SAMSUNG CAMERA PICTURES

 

So this is my second drawing as  I was not happy with the first drawing as the angles seemed wrong. Well I never did manage to get them right as you can see from the drawing below.   The table I was using was well below my eye level so I was looking down on the set up.  Ignoring the maxim of never erasing your drawing marks, I continued to make the same mistakes time after time.  Surprising even though I studied at Camberwell for nearly 3 yrs (foundation and Saturday morning classes) I never learnt how to use a plumb line, pencil or whatever to gauge proportion or angles.  I am trying to teach myself that now, carefully drawing a mark for where my foot is position whilst I draw and trying to remember not to move my head too much. I am pretty sure I will not continue to do that but it might give me more of an idea how to assess these things instead of blindly blundering into the subject as per my normal method.

SAMSUNG CAMERA PICTURES

So I have spent the past week drawing this whilst reading numerous books about drawing.  Hasn’t helped!  Eventually I would love to have the freedom to use the drawings as basis for painting so I am not restricted to setting up a still life. I have a long way to go.

So its back to the drawing board again but this time I also plan to paint the still life.  Once the cooler weather comes in the Fall, I will go out and draw from life but at the moment with temperature in the 100f/38c plus range, I will contend myself with still life set ups and looking at objects around the house.

 

 

 

 

Reorganising my art room and my life in the process

This pass weekend, I decided to tackle my art room (I hate the work studio, seems so serious) and it took me that long reorganised all the groups and junk.  It has been bothering me for a while and as I have managed to tackle putting myself on track, it was time to make this very important room into some order.  So now I have a large open space without clutter and my tables a clear of the junk I had loaded onto them.

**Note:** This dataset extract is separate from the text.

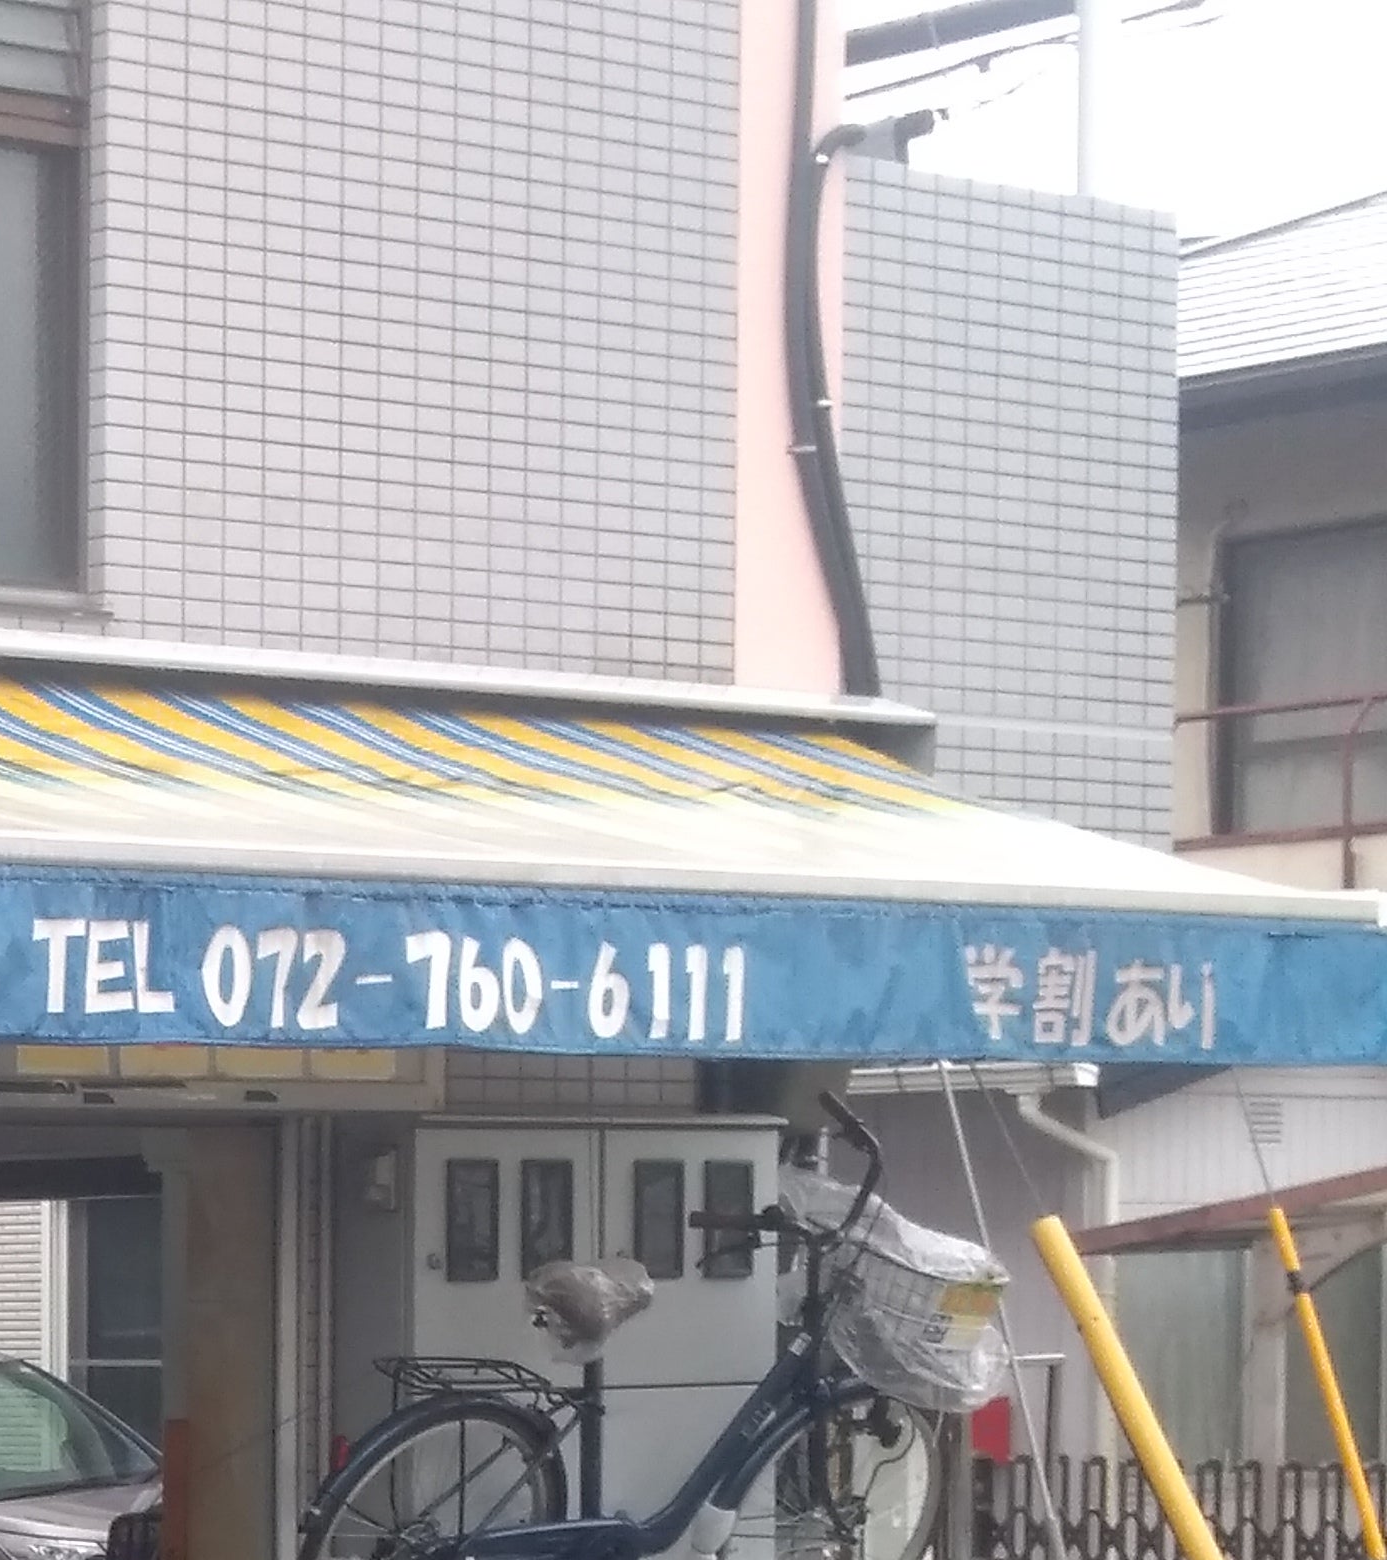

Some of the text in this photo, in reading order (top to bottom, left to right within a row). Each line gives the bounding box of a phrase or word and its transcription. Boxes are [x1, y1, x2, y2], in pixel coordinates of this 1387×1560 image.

[32, 918, 746, 1042] TEL 072-760-6111
[964, 943, 1217, 1050] 学割あり

Last week after another disappointing session at the life drawing room, I have decided to put that aspect on hold for the moment. To be honest I am not sure why I was doing, other than as exercise as I have no control of the pose, the model or even the lighting.  The lighting or the no existence of any natural light was really beginning to get me down.  We are lucky that unlike the UK we have almost constant sunshine, so it amazes me that the most available of life drawing sessions are done in an old stable converted into a studio with one small window which has a blind that is permanently closed. They have painted the brick walls white but for the past fews that has been negated by someone putting up a flimsy, grey/black backdrop which sucks the life out of anything.

However, realising my drawing abilities are poor due to lack of the use of that particular brain muscle, I have tried to start sketching random things around me.   I decided to do a few drawings where I didn’t look at the page as I drew but just let my eye follow the object, moving my pencil along as I did this.  I ended up with some interesting results.

This past week I have been revisting a few artists I like. Shani Rhys James,  Mary Fedden, Elizabeth Blackadder and Eileen Cooper.  Unfortunately, none of these artists are available locally so I am restricted to books, a tv show (What do artists do all day) and available online videos.  I will confess I am not particularly knowledgeable about US art. What I have seen does not particularly appeal to me.  Looking at my bookshelves, it is dominated by British art and for that matter, British art magazines, as I have been a fan of Artists and Illustrators since it started in the 1980’s.

Any time to revisit the art room and decide on my next project, a portrait of my grand-daughter or a selfie, haven’t done one recently.